Why does the world do nothing about REAL misery happening today?

In a token of balance, The Huffington Post is allowing a handful of non-liberals a chance to blog but that'll surely end when they realize that the non-liberals are pasting the Annointed Ones over, under, sideways and down with pieces like Joe Scarborough's "Sudan Suffering in Silence". It's eye-opening, but only to those who've been living under the illusion that the UN, AI and Democrats really give a crap about the brown people of the world, not that it's gotten any better under the current management. In toto...

It is hard to turn away. It is even harder to keep staring.

The daily images that stream out of Sudan are heartbreaking. The scale of suffering seems unprecedented.

But it is not.

This has happened in Africa before. A million Rwandan citizens were hacked to death in the mid-1990's.

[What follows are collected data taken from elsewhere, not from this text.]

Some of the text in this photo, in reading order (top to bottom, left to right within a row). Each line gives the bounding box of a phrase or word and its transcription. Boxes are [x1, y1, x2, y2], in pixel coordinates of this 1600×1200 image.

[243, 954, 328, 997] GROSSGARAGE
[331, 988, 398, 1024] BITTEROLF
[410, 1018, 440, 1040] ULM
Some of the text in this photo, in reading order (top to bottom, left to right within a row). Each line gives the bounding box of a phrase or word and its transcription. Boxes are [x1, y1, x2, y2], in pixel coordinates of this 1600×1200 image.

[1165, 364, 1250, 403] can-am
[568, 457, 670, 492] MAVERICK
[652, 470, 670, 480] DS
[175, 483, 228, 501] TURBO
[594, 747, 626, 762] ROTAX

But the United Nations did nothing.

A few years later, genocide struck the African continent again in Sudan.

That's right. The same Sudan that is once again in the grip of a brutally efficient killing machine.

The situation got so bad by 1997 that I worked together with human rights groups and former New York Times editor Abe Rosenthal to get the word out across America that millions were being persecuted.

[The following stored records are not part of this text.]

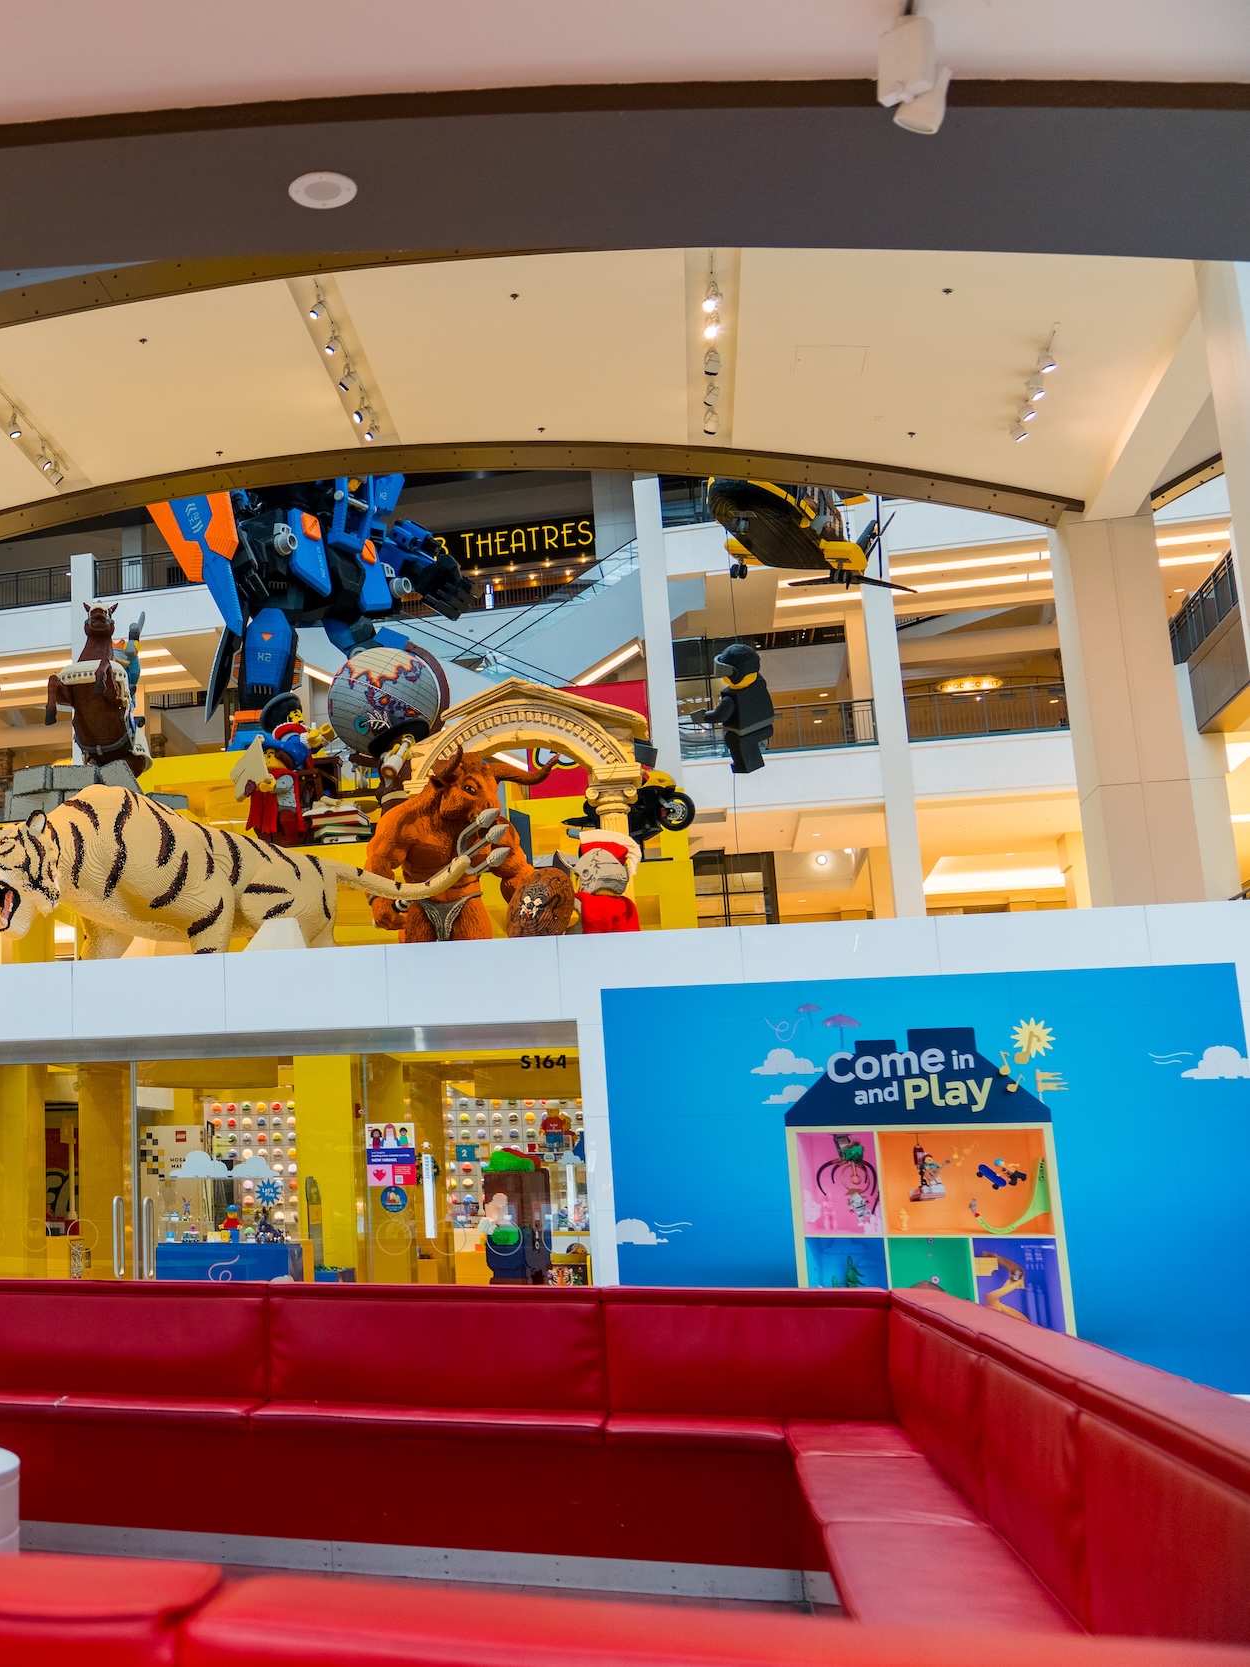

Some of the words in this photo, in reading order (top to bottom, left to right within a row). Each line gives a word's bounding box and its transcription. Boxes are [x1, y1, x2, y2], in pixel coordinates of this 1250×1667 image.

[460, 520, 594, 559] THEATRES
[940, 682, 965, 690] FOOD
[969, 680, 1000, 688] COURT
[520, 1055, 566, 1069] S164
[827, 1048, 945, 1083] Come
[951, 1050, 975, 1070] in
[854, 1081, 899, 1105] and
[903, 1074, 993, 1112] Play
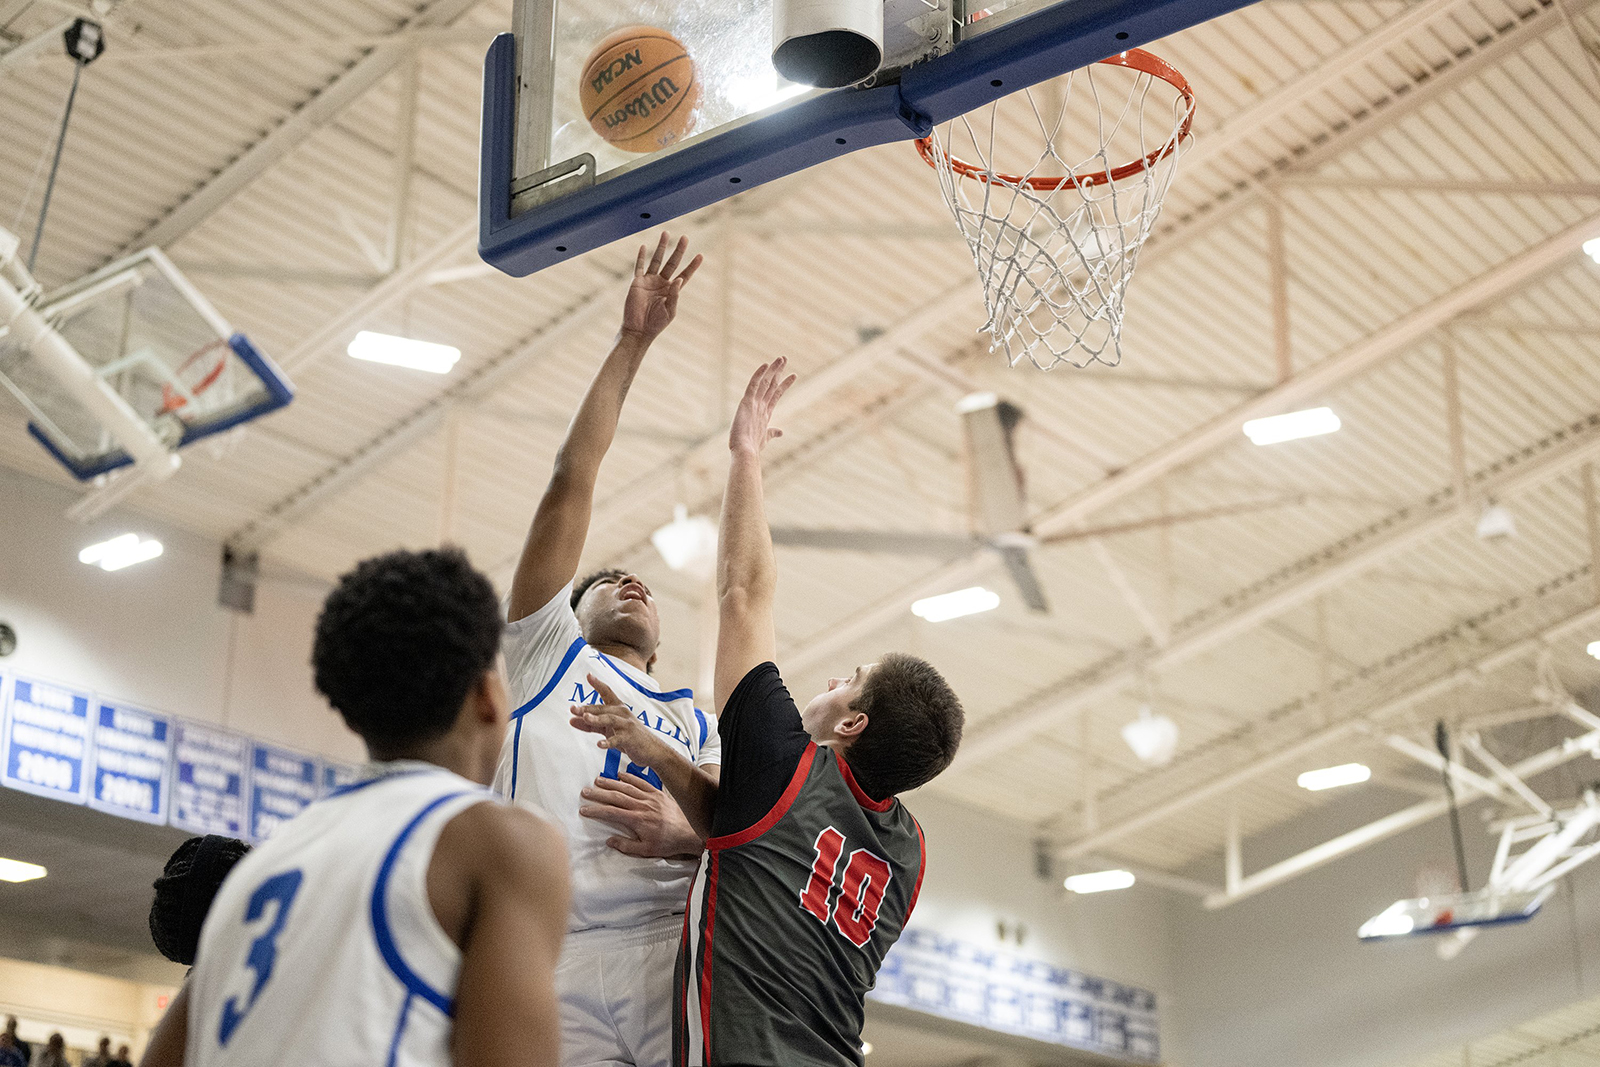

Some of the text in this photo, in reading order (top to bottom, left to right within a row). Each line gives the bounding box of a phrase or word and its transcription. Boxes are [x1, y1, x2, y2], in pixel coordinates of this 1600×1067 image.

[591, 48, 643, 94] NCAA
[602, 76, 679, 129] Wilson
[799, 825, 893, 949] 10
[218, 868, 304, 1048] 3

Once again, the United Nations did nothing.

Reports out of Sudan eight years ago told of children as young as eight years old being crucified for their parents' beliefs. Other young boys and girls were sold into slavery for as little as $15.

Things became so bleak that the United Nations and the Clinton Administration did, well, nothing.

In fact, when I tried to pass a resolution through Congress calling for sanctions against the murderous regime, Clinton's State Department fought it with all their might.

The Congressional Black Caucus fell in line with the White House by refusing to endorse my Congressional act that condemned slavery in Sudan.

Can you imagine that?

We still hear many members of this caucus tying challenges in the African American communities to a system of slavery that ended 160 years ago but when faced with supporting the abolition of a slave system existing in their lifetime, they showed the moral courage of Thomas Jefferson.

Amnesty International was so concerned about the two million Sudanese victims that they did, well, nothing.

An Amnesty representative told me they could not support my bill because it concerned Christian persecution. They said they didn't take sides in such disputes.

Huh?

Fast forward eight years and you find that little has changed.

President Bush has called the crisis in Sudan genocide, but he has done little to stop it.

The United Nations has muttered about how the Sudan situation is unfortunate, but once again Kofi Annan has refused to do anything that will end the suffering on his home continent.

The European Union claims to be interested but too many member states have economic interests in the country.

So nothing gets done.

Meanwhile, children are slaughtered, young girls are raped, and entire communities are wiped out in minutes.

While the world does nothing.

How pathetic.


If all these organizations are so worthless, why do so many swear fealty to them?